La carne cruda de la escritura
Carta a mi mujer
Pentti Saarikoski
Trad. Luisa Gutiérrez
Nórdica
120 páginas | 16,50 euros
Confieso mi ignorancia. No sabía nada de Pentti Saarikoski. Estos desconocimientos, que me avergüenzan, se alivian cada vez que leo un libro de Nórdica y descubro a Wassmo, Ambjørnsen, Liffner, Vilhjálmsson… Escritores daneses, suecos, noruegos o islandeses que me resultan fascinantes. Este ha sido el caso de Pentti Saarikoski, un escritor finlandés, celebérrimo en su país natal, traductor de los clásicos griegos y del Ulises de Joyce. El autor muere en 1983, a los 46 años, víctima de su alcoholismo. Esta Carta a mi mujer es una alucinada epístola en la que le cuenta a su esposa las cosas que hace, lo que siente, mientras pasa una temporada en Dublín: come —mal—, toma medicamentos, vomita, bebe ginebra, se pregunta si la escritura es un oficio, rememora sus anteriores matrimonios, echa de menos a su mujer —“Te necesito a ti (…) tu coño que respira”—, comenta el asesinato de Luther King, vuelve a mal comer…
Mientras leo me acuerdo de los supervivientes de un infarto que necesitan hablar por los codos, de escucharse a sí mismos, su propia voz, porque la palabra y su propia voz son lo que les conecta con la vida: “Hablé y hablé. Hay que escribir o hablar, no hay que pensar, cavilar, meditar, reflexionar, o te vuelves loco…” En esta carta oscura prevalece el vitalismo de un hombre que, más allá de sus pulsiones de autodestrucción, ama la sensualidad y la materia. Se aferra a ellas con una caligrafía que nada tiene que ver con los tics de la literatura interesante, sino con el relieve perturbador de una prosa escatológicamente poética, reiterativa, que busca a la esposa, pero que en realidad subraya la dimensión comunicativa de toda la escritura literaria. A dentelladas. Con una autenticidad que recuerda las contracturas y la fisicidad de los cuadros de Bacon. Con un lenguaje que no escamotea la palabra gruesa en la era del eufemismo. El escritor deja fluir sus emociones, su pensamiento, y entre el borrón se clava el filo de una frase tan exacta que disipa cualquier bruma. Es difícil separar la borrachera de la impostura de la borrachera. Es difícil separar la vida de su retórica y a Saarikoski de ese Joyce que se le viene a la mente en sus paseos por Dublín: “¿Qué fue lo que comió Bloom en este pub?” Las comidas de Bloom en Ulises son tan fundamentales como los comistrajos de Saarikoski en Carta a mi mujer.

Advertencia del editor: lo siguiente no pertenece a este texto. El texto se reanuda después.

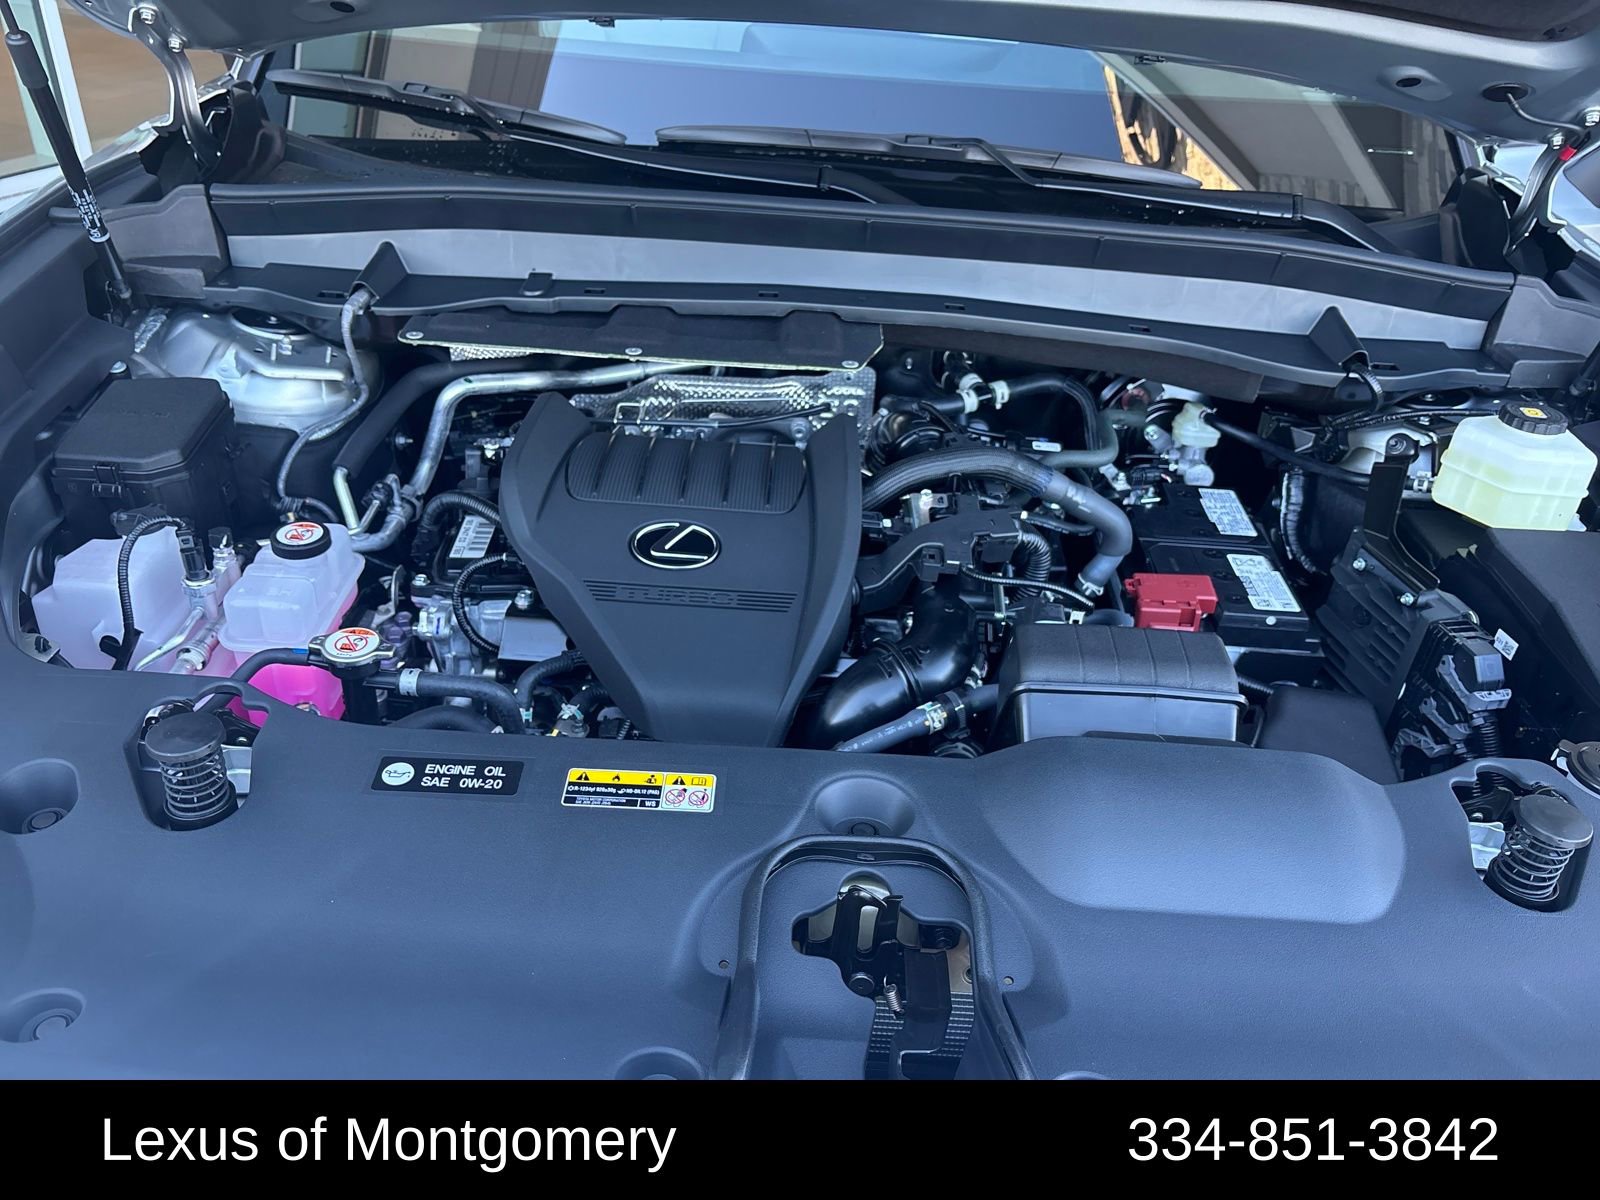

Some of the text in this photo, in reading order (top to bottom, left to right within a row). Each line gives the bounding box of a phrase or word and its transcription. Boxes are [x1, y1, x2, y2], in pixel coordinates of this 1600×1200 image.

[620, 586, 734, 606] TURBO
[424, 763, 507, 777] ENGINE OIL
[420, 776, 503, 790] SAE 0W-20
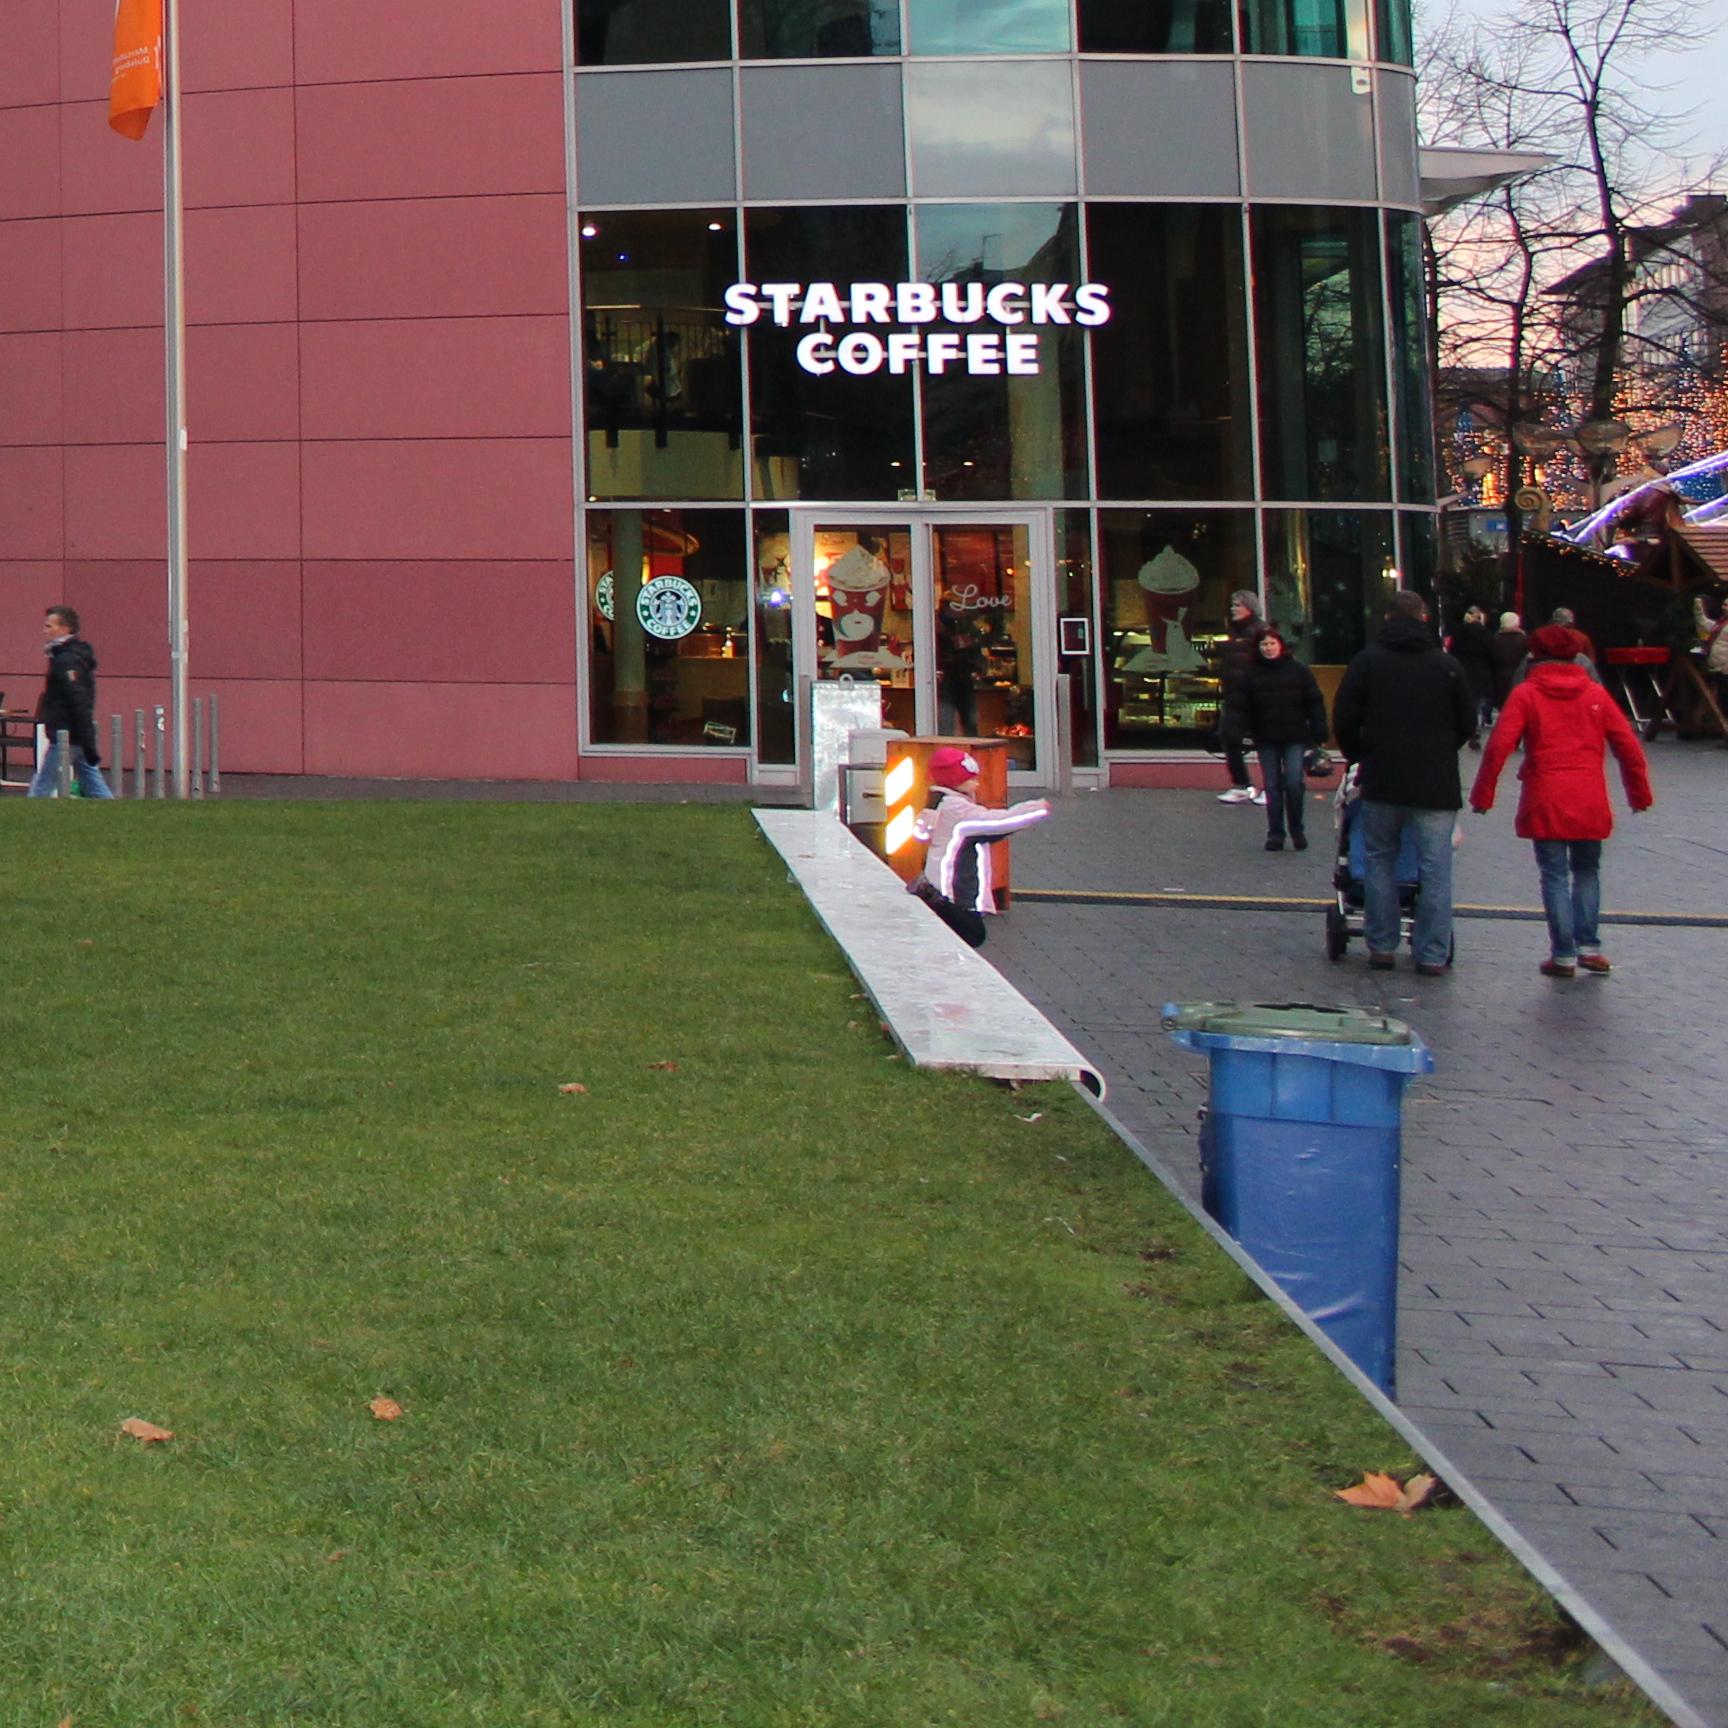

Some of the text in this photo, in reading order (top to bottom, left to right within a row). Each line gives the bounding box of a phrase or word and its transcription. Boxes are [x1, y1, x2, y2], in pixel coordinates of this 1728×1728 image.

[724, 282, 1112, 327] STARBUCKS
[796, 332, 1040, 376] COFFEE
[640, 578, 698, 607] STARBUCKS
[949, 583, 1013, 612] Love
[646, 618, 692, 637] COFFEE
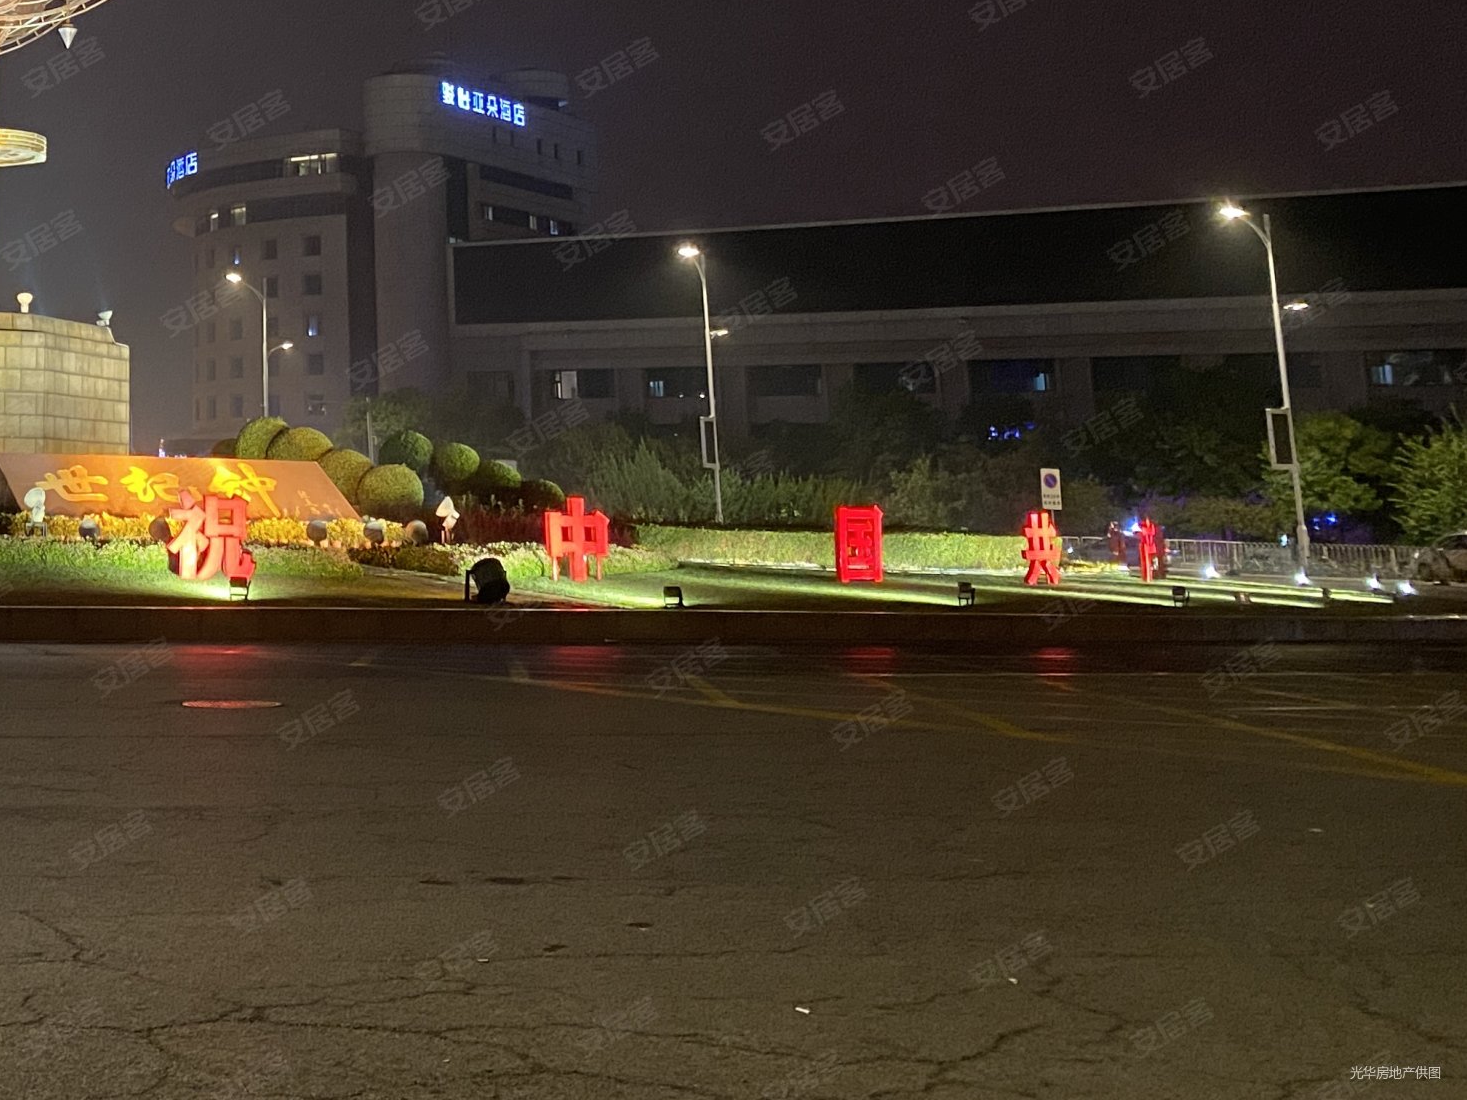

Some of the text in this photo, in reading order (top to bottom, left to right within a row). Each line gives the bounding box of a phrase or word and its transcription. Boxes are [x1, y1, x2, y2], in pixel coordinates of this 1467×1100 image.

[167, 488, 258, 580] 祝
[544, 496, 610, 582] 中
[835, 504, 883, 583] 国
[1021, 511, 1062, 587] 共

Su opción no es una pose, sino un compromiso explícito con la expresividad que se cuestiona la frontera entre el documento de la vida privada y el interés literario general: “Podría guardármelo todo para mí mismo. No puedo guardarme para mí mismo (…) Soy un parlanchín”. El escritor sabe que su escritura vale dinero y el lector se interroga sobre si todos los textos de alguien que se llama escritor son legítimos —pienso en La mierda de Piero Manzoni en 1961— mientras él sigue dándole vueltas a un oficio inseparable del sexo, la incontinencia y su reverso oscuro de impotencia, los alimentos que se ingieren, la duda sobre el derecho a una retribución por ley si un día no puede escribir y las sustancias tóxicas que activan o bloquean las circunvoluciones cerebrales. Saarikoski lanza una retorcida pregunta sobre la pertinencia de los textos autobiográficos, sobre la sucia y luminosa intimidad en el ámbito común, apostando por una honestidad sin aparentes filtros retóricos: “Todos los libros (…) habrían de ser cartas, pues recibir una carta es siempre más agradable que recibir un libro, y una carta puede contener trivialidades, un libro no, los profetas escribieron libros, los apóstoles, cartas”. Saarikoski, mientras indaga sobre su biografía —“¿Habría escrito algo si hubiera sido una persona equilibrada, contenta?”— convierte las trivialidades en asunto de interés gracias al estilo. A su preocupación por las comas y al poder de su lengua escrita: “En mi regazo eres carne cruda”.